TASK BRIEF
Word for word, retype the lines from the one containing "this 1250×1247 image." to the last line of the data below, both ends included.

[MATERIAL TO PROCESS — start]

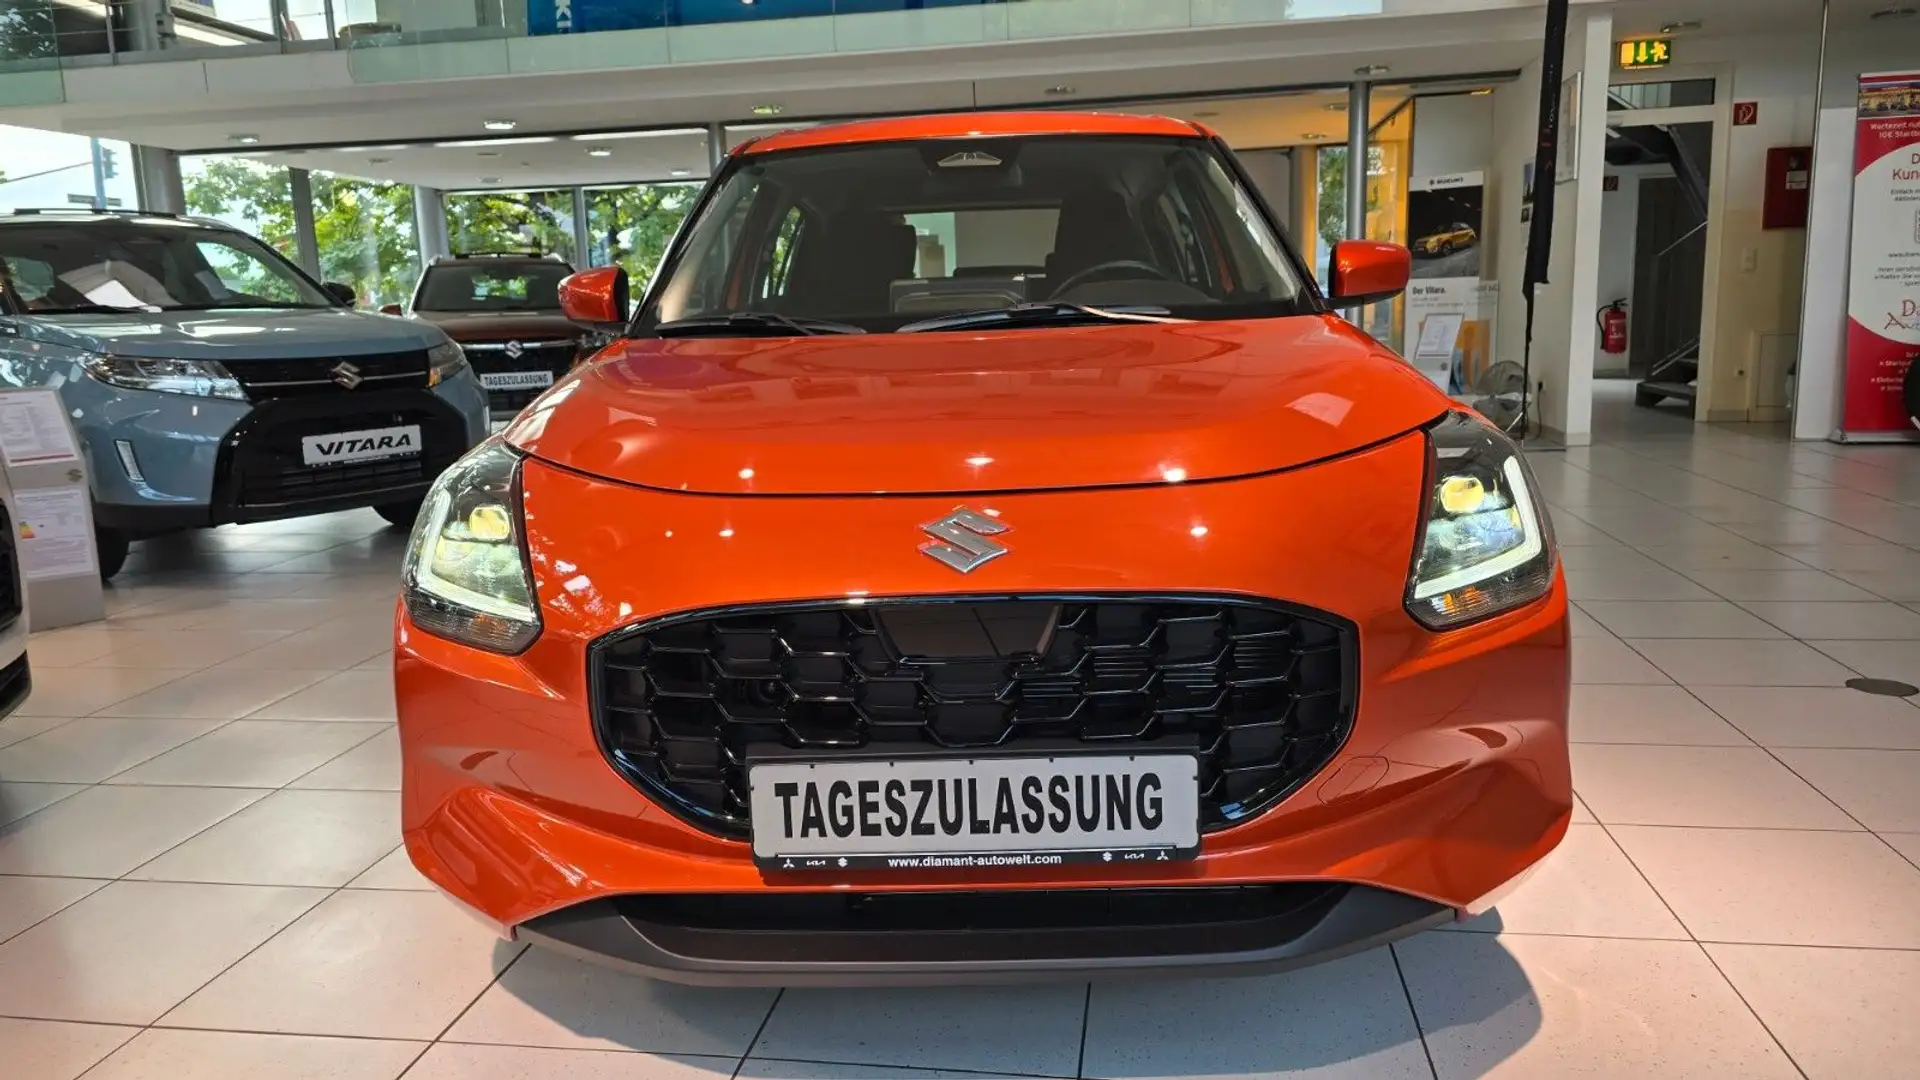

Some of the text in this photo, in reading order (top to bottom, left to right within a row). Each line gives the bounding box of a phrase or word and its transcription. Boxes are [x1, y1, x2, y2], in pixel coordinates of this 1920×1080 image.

[556, 0, 571, 28] KI
[1911, 152, 1920, 165] D
[1892, 168, 1920, 181] Kun
[484, 373, 549, 386] TAGESZULASSUNG
[315, 433, 412, 456] VITARA
[774, 772, 1164, 839] TAGESZULASSUNG
[888, 853, 1062, 869] www.diamant-autowelt.com
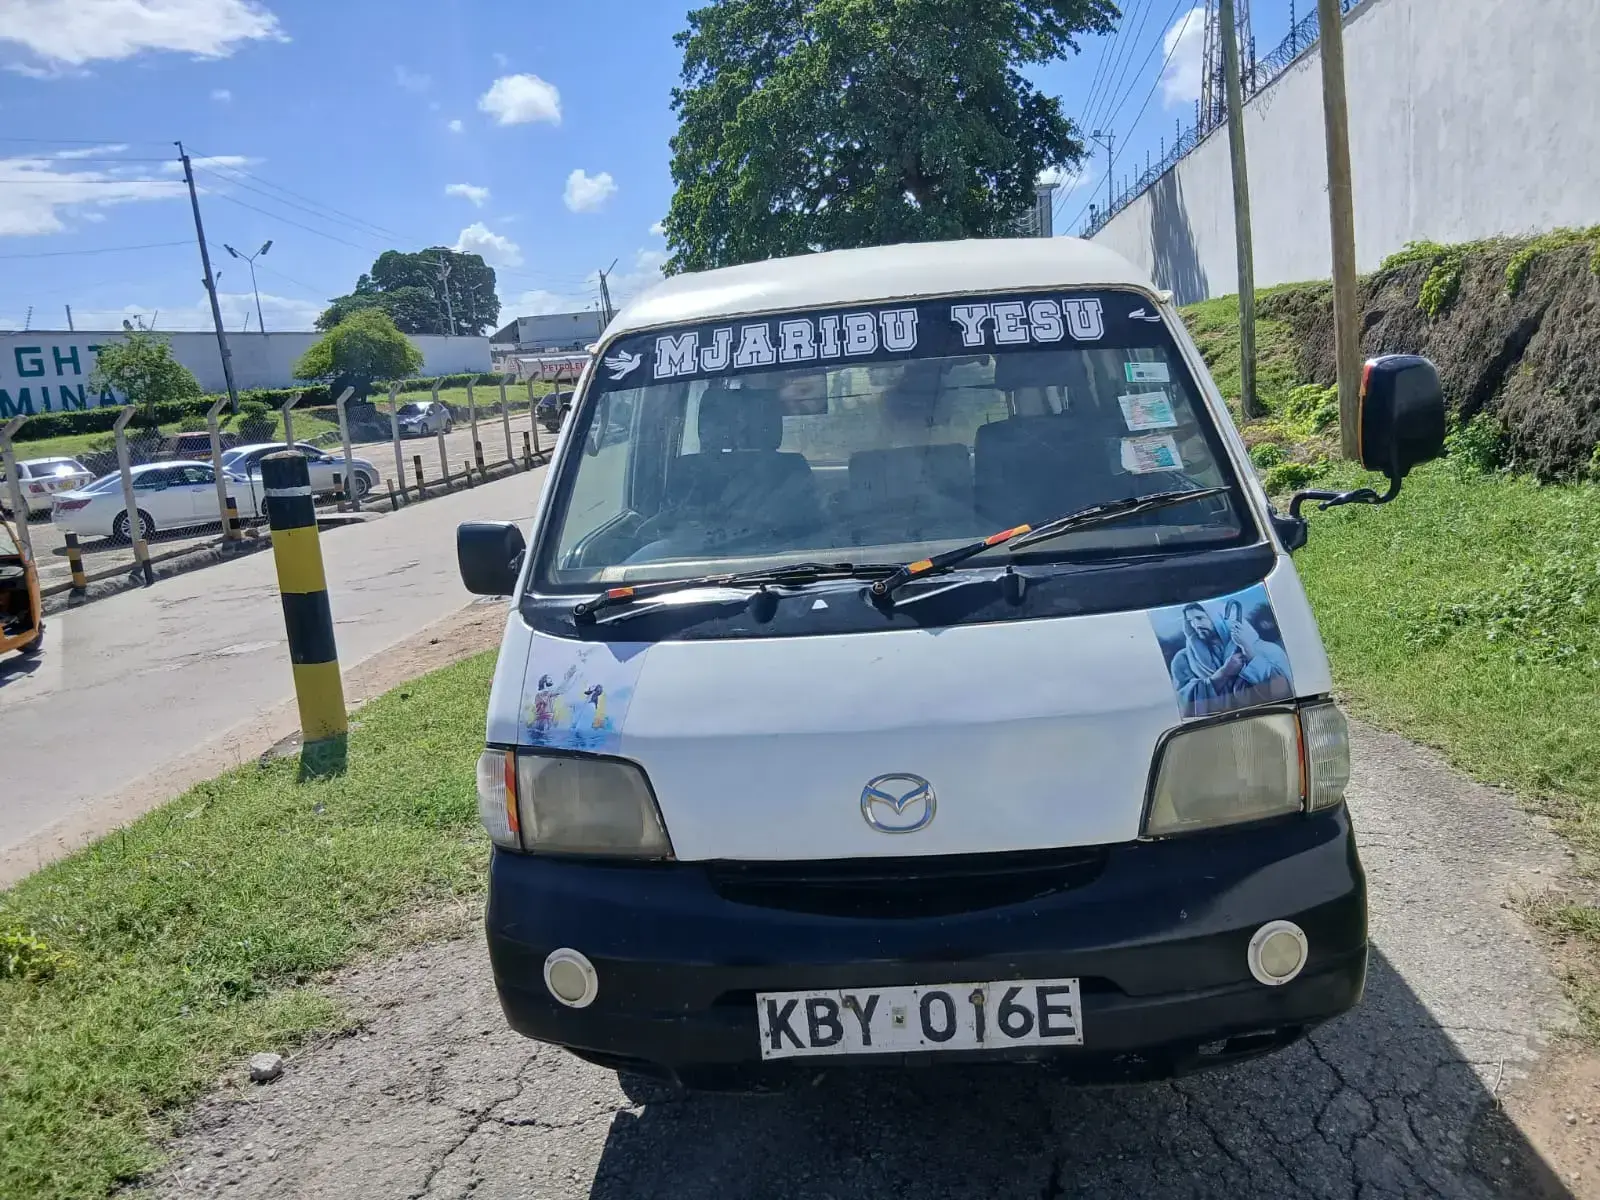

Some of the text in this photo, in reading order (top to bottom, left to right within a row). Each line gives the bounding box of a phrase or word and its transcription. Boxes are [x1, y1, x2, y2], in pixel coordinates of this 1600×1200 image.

[654, 298, 1103, 379] MJARIBU YESU
[0, 384, 130, 418] MINA
[766, 986, 1076, 1049] KBY 016E
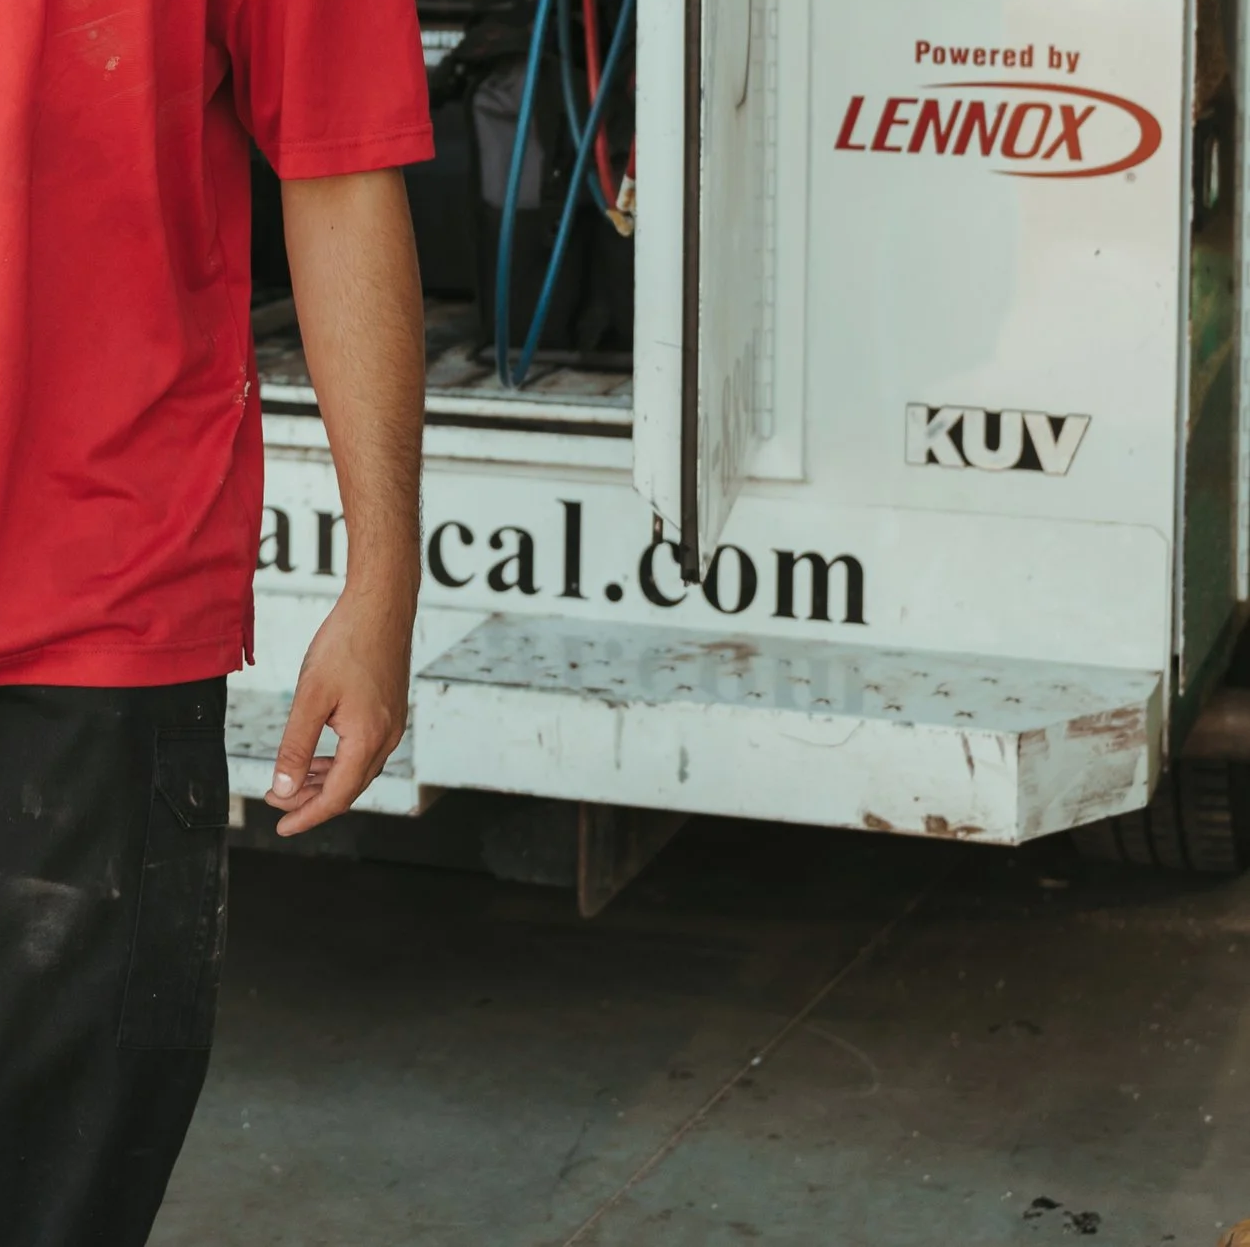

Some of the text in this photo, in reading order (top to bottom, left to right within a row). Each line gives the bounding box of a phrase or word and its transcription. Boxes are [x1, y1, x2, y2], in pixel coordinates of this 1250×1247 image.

[915, 40, 1080, 73] Powered by
[834, 95, 1096, 161] LENNOX
[905, 402, 1092, 477] KUV

[MATERIAL TO PROCESS — finish]

EXPECTED ANSWER
Some of the text in this photo, in reading order (top to bottom, left to right within a row). Each line gives the bounding box of a phrase or word and its transcription. Boxes are [x1, y1, x2, y2], in pixel coordinates of this 1250×1247 image.

[915, 40, 1080, 73] Powered by
[834, 95, 1096, 161] LENNOX
[905, 402, 1092, 477] KUV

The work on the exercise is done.